Paris, Amstelveen, 14 October 2016 - As part of its MRO Lab innovation program, AFI KLM E&M is implementing PROGNOS, a range of solutions based on exploiting the data from aircraft systems with a view to improving maintenance models and processes. AFI KLM E&M capitalizes on the vast amount of data generated by AIR FRANCE and KLM fleets to develop its PROGNOS solutions, and verify their operational relevance and performance before sharing such innovations with its customers.
One example of the application is PROGNOS Engine Health Monitoring (EHM). This software is being designed to carry out statistical analyses of engine data to enable dynamic monitoring and predict failures using an early warning system, for the fleets of AIR FRANCE and KLM as well as client airlines. PROGNOS EHM is part of a series of projects and initiatives focused on Big Data that have already led to operational solutions such as PROGNOS A380, the early warning and failure monitoring software used for the A380's systems, which extends the solution to bigger data volumes.

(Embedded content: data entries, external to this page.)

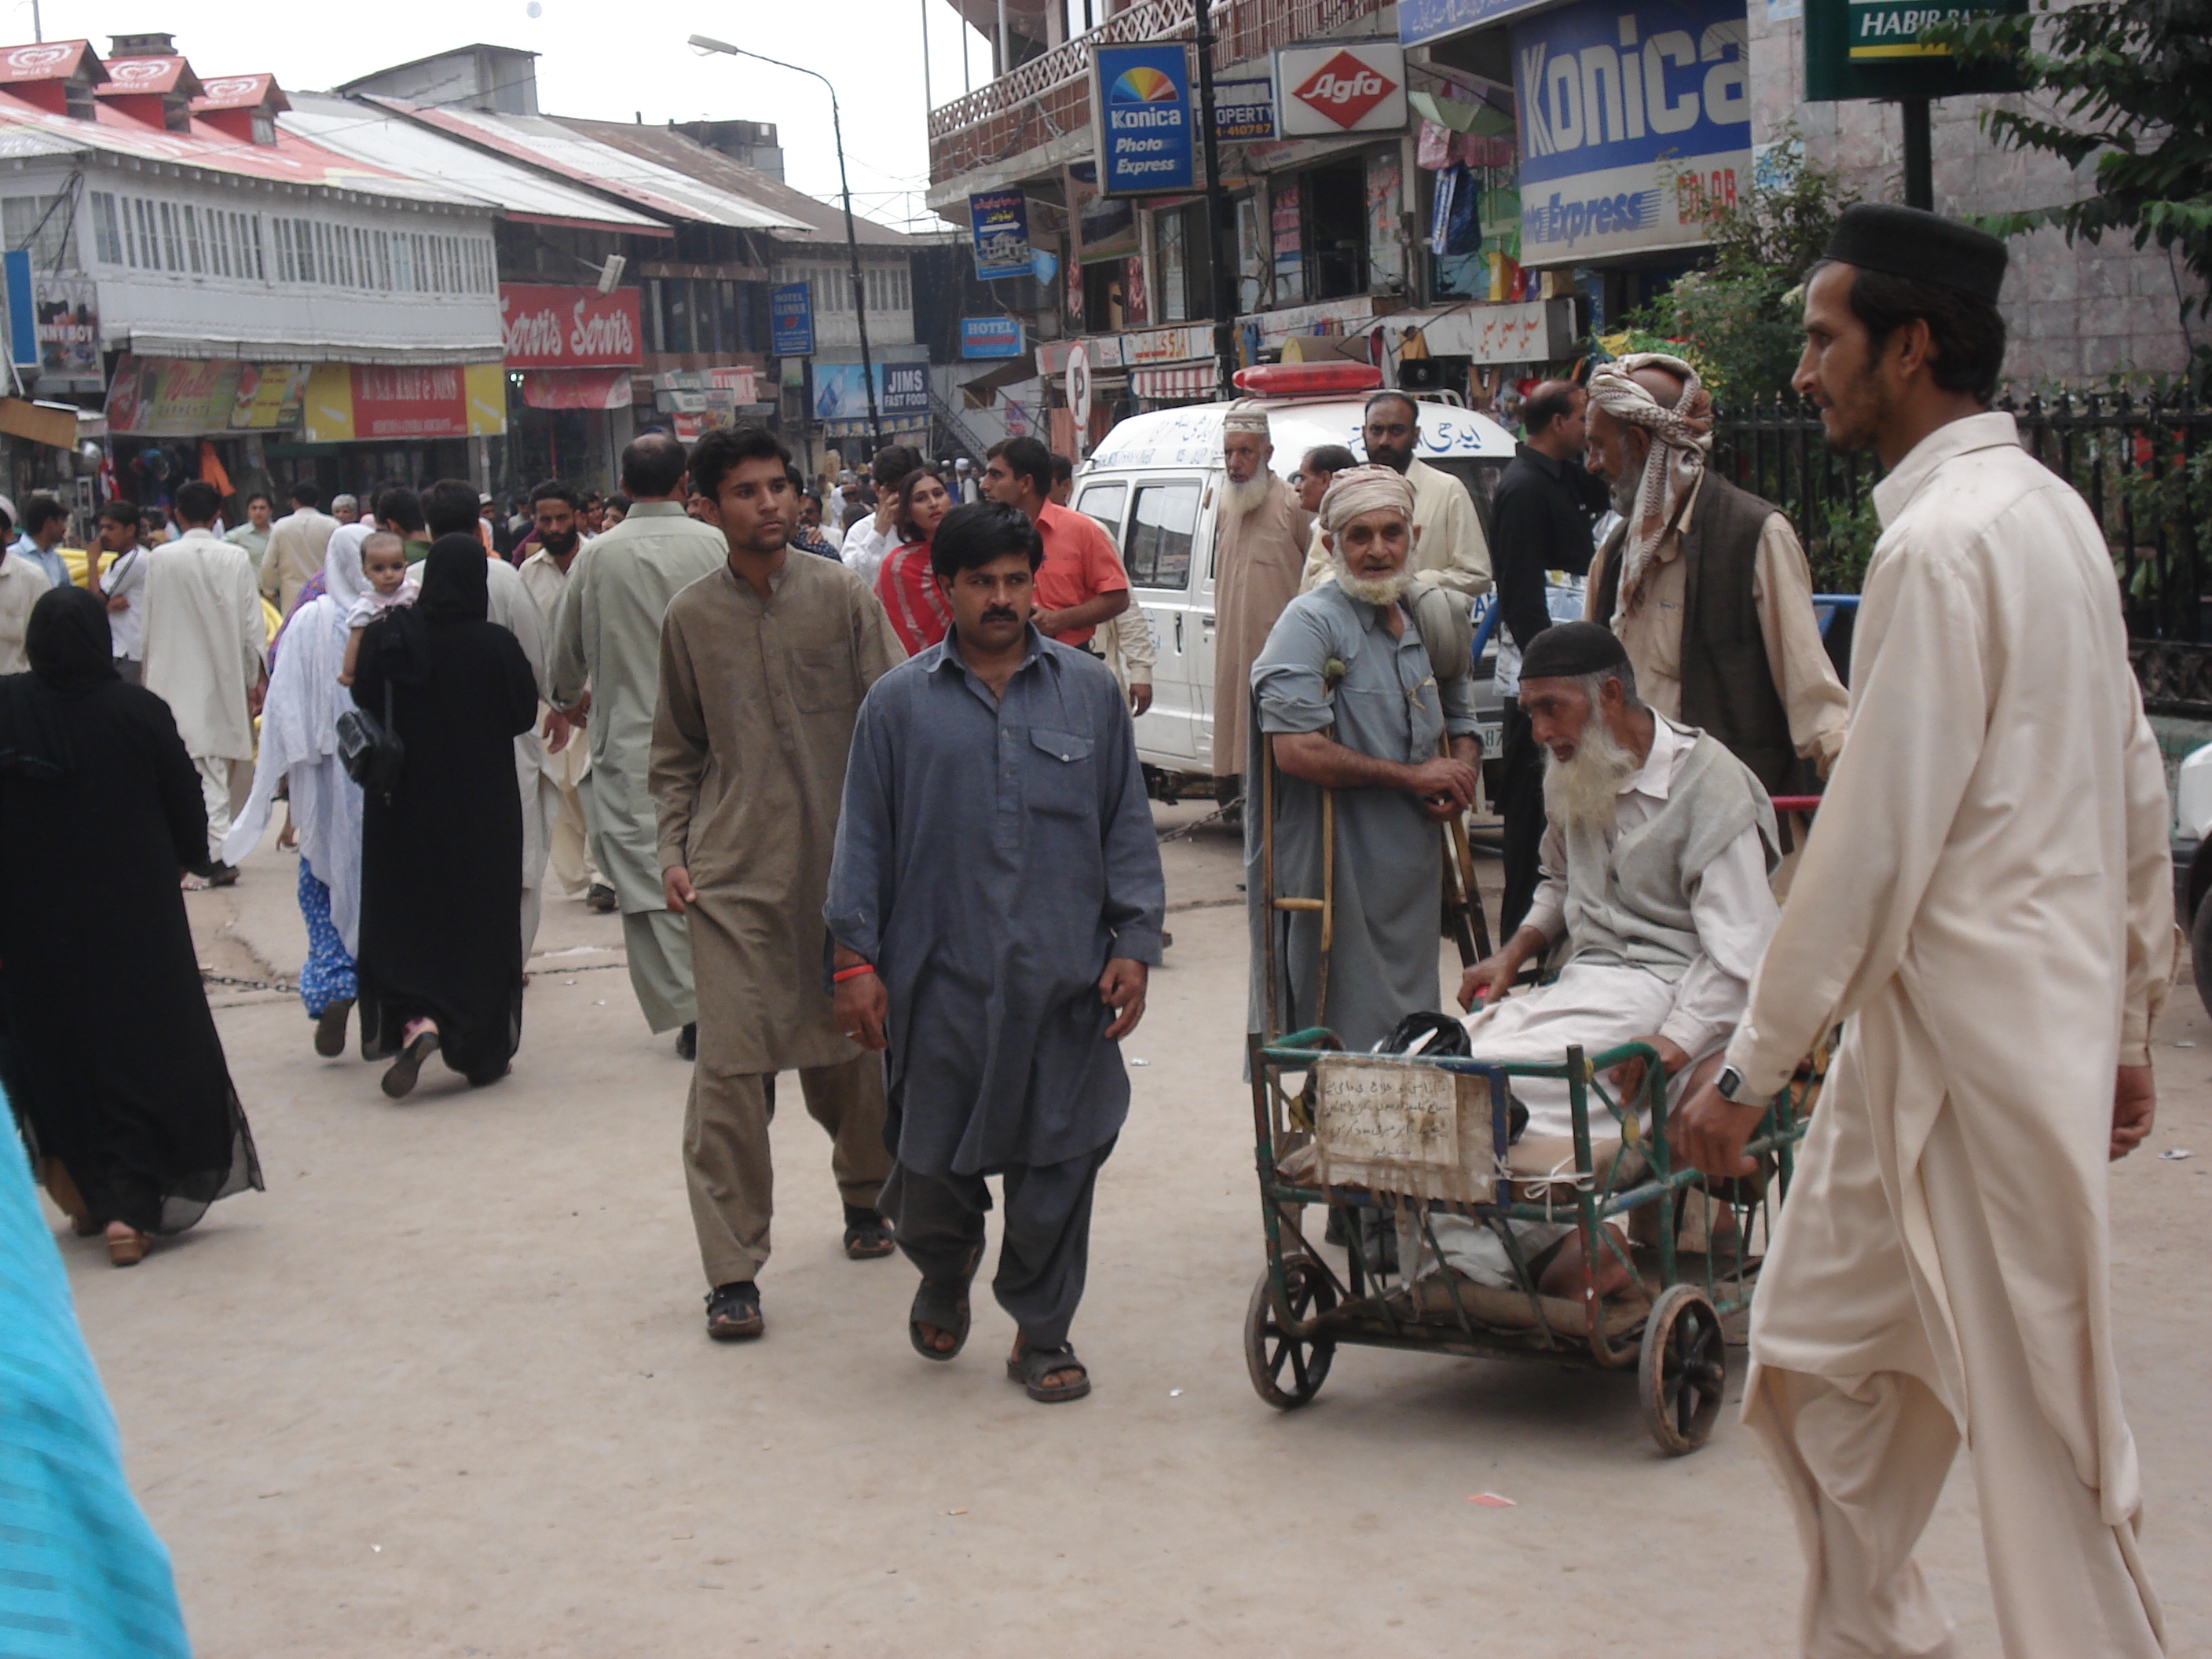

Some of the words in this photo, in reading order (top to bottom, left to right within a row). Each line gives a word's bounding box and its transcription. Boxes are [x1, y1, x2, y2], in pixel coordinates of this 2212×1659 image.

[1860, 9, 1942, 38] HABIB
[1302, 70, 1382, 104] Agfa
[1521, 13, 1751, 159] Konica
[1111, 106, 1181, 130] Konica
[1115, 137, 1163, 154] Photo
[1116, 158, 1176, 176] Express
[1548, 191, 1646, 248] Express
[967, 320, 1015, 335] HOTEL
[887, 368, 924, 394] JIMS
[884, 394, 904, 408] FAST
[905, 393, 928, 406] FOOD

Solutions based on the same approach are currently under development to support a range of other critical aircraft systems and components, including on the 787.
A key advantage of AFI KLM E&M's approach to Big Data and predictive maintenance is that it stems from the real operational needs and challenges of AIR FRANCE KLM group airlines.
James Kornberg, AFI KLM E&M Director Innovation, explains: "Having full access to aircraft-generated data, and robust technical expertise of aircraft systems and sub-systems due to its MRO/airline profile, endows AFI KLM E&M with genuine legitimacy to develop this type of solutions. Working closely with data scientists and data engineers, we can test and validate the predictive maintenance solutions we are developing."
FiAs experienced in the field by AFI KLM E&M while using PROGNOS to support AIR FRANCE KLM's engines, components and aircraft, fleet operators can reap significant benefits from these new predictive maintenance technologies, which contribute to avoiding operational disruptions, resulting in increased passenger satisfaction as well as reduced maintenance costs.